INPUT DATA -
******************************

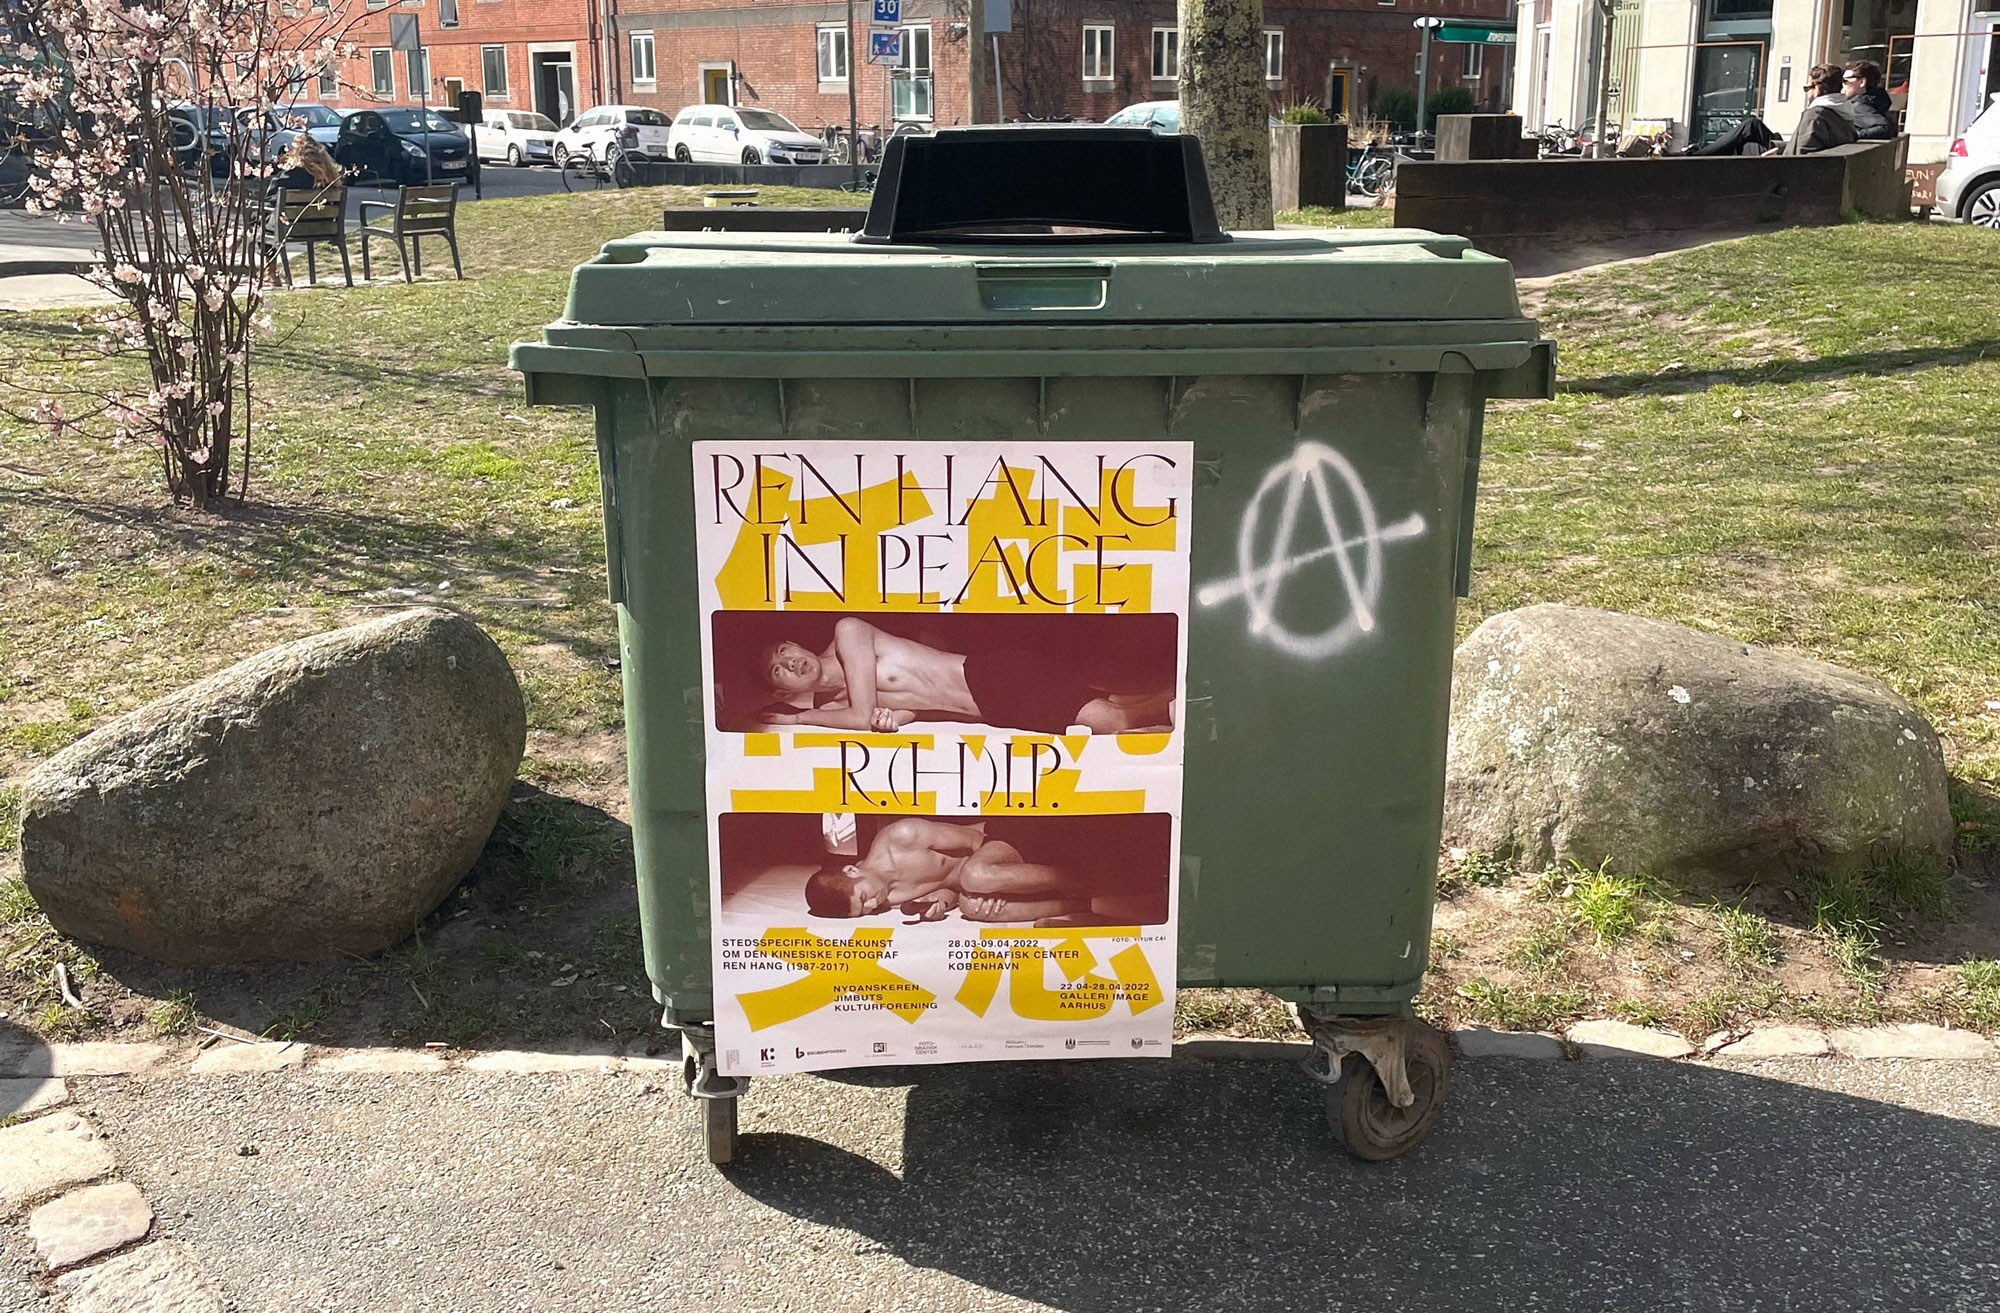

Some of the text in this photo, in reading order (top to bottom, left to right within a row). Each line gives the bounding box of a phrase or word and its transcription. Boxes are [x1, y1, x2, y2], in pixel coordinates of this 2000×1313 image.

[877, 0, 897, 14] 30
[710, 452, 1178, 527] REN HANG
[760, 532, 1133, 608] IN PEACE
[722, 938, 894, 948] STEDSSPECIFIK SCENEKUNST
[948, 939, 1039, 948] 28.03-09.04.2022
[722, 950, 899, 960] OM DEN KINESISKE FOTOGRAF
[948, 950, 1080, 960] FOTOGRAFISK CENTER
[723, 961, 850, 973] REN HANG (1987-2017)
[948, 962, 1020, 971] KØBENHAVN
[833, 984, 919, 993] NYDANSKEREN
[1060, 983, 1150, 991] 22.04-28.04.2022
[834, 994, 884, 1002] JIMBUTS
[1060, 992, 1149, 1001] GALLERI IMAGE
[834, 1002, 938, 1012] KULTURFORENING
[1059, 1001, 1107, 1010] AARHUS
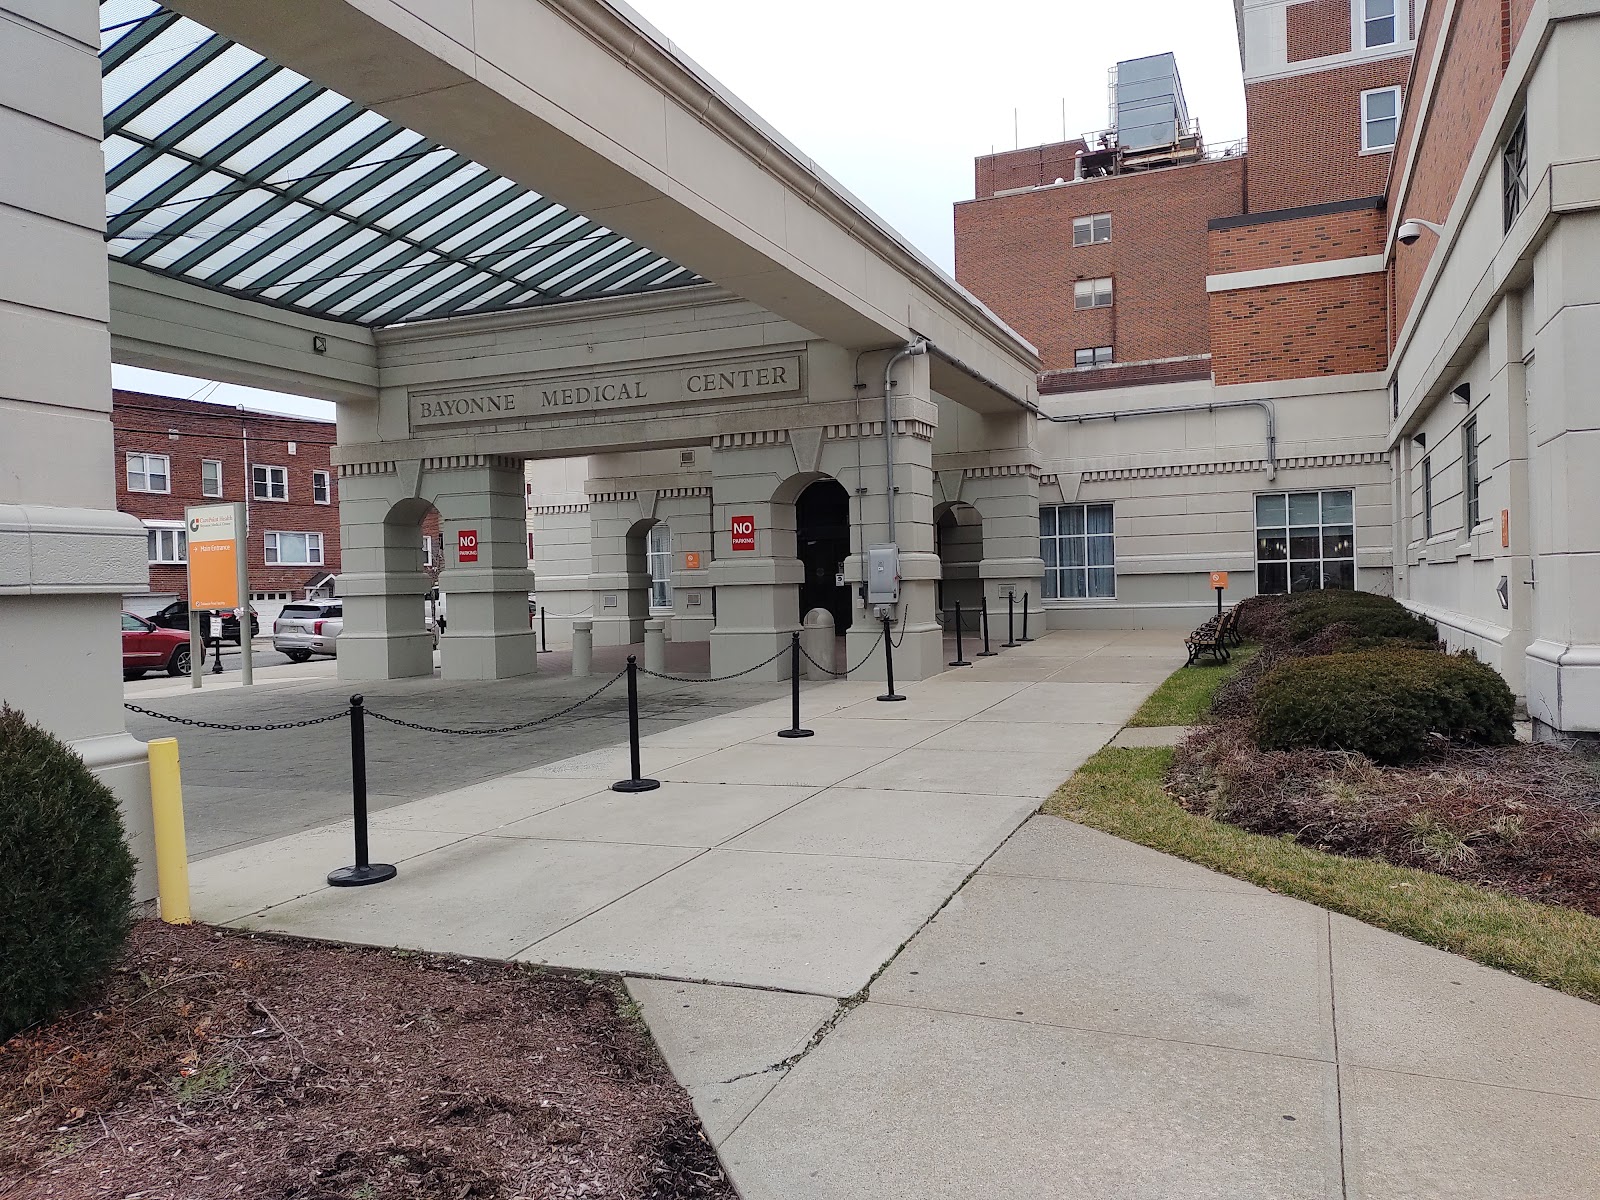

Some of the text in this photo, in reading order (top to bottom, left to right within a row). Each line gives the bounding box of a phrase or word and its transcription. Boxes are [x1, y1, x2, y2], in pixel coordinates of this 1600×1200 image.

******************************

Retype the records above exactly. Leave the pictures out.

Some of the text in this photo, in reading order (top to bottom, left to right within a row). Each line gives the bounding box of a phrase or word and its transcription. Boxes are [x1, y1, x2, y2], in pixel coordinates of this 2000×1313 image.

[877, 0, 897, 14] 30
[710, 452, 1178, 527] REN HANG
[760, 532, 1133, 608] IN PEACE
[722, 938, 894, 948] STEDSSPECIFIK SCENEKUNST
[948, 939, 1039, 948] 28.03-09.04.2022
[722, 950, 899, 960] OM DEN KINESISKE FOTOGRAF
[948, 950, 1080, 960] FOTOGRAFISK CENTER
[723, 961, 850, 973] REN HANG (1987-2017)
[948, 962, 1020, 971] KØBENHAVN
[833, 984, 919, 993] NYDANSKEREN
[1060, 983, 1150, 991] 22.04-28.04.2022
[834, 994, 884, 1002] JIMBUTS
[1060, 992, 1149, 1001] GALLERI IMAGE
[834, 1002, 938, 1012] KULTURFORENING
[1059, 1001, 1107, 1010] AARHUS

Some of the text in this photo, in reading order (top to bottom, left to right within a row). Each line gives the bounding box of a phrase or word and its transcription. Boxes are [x1, y1, x2, y2], in pixel coordinates of this 1600×1200 image.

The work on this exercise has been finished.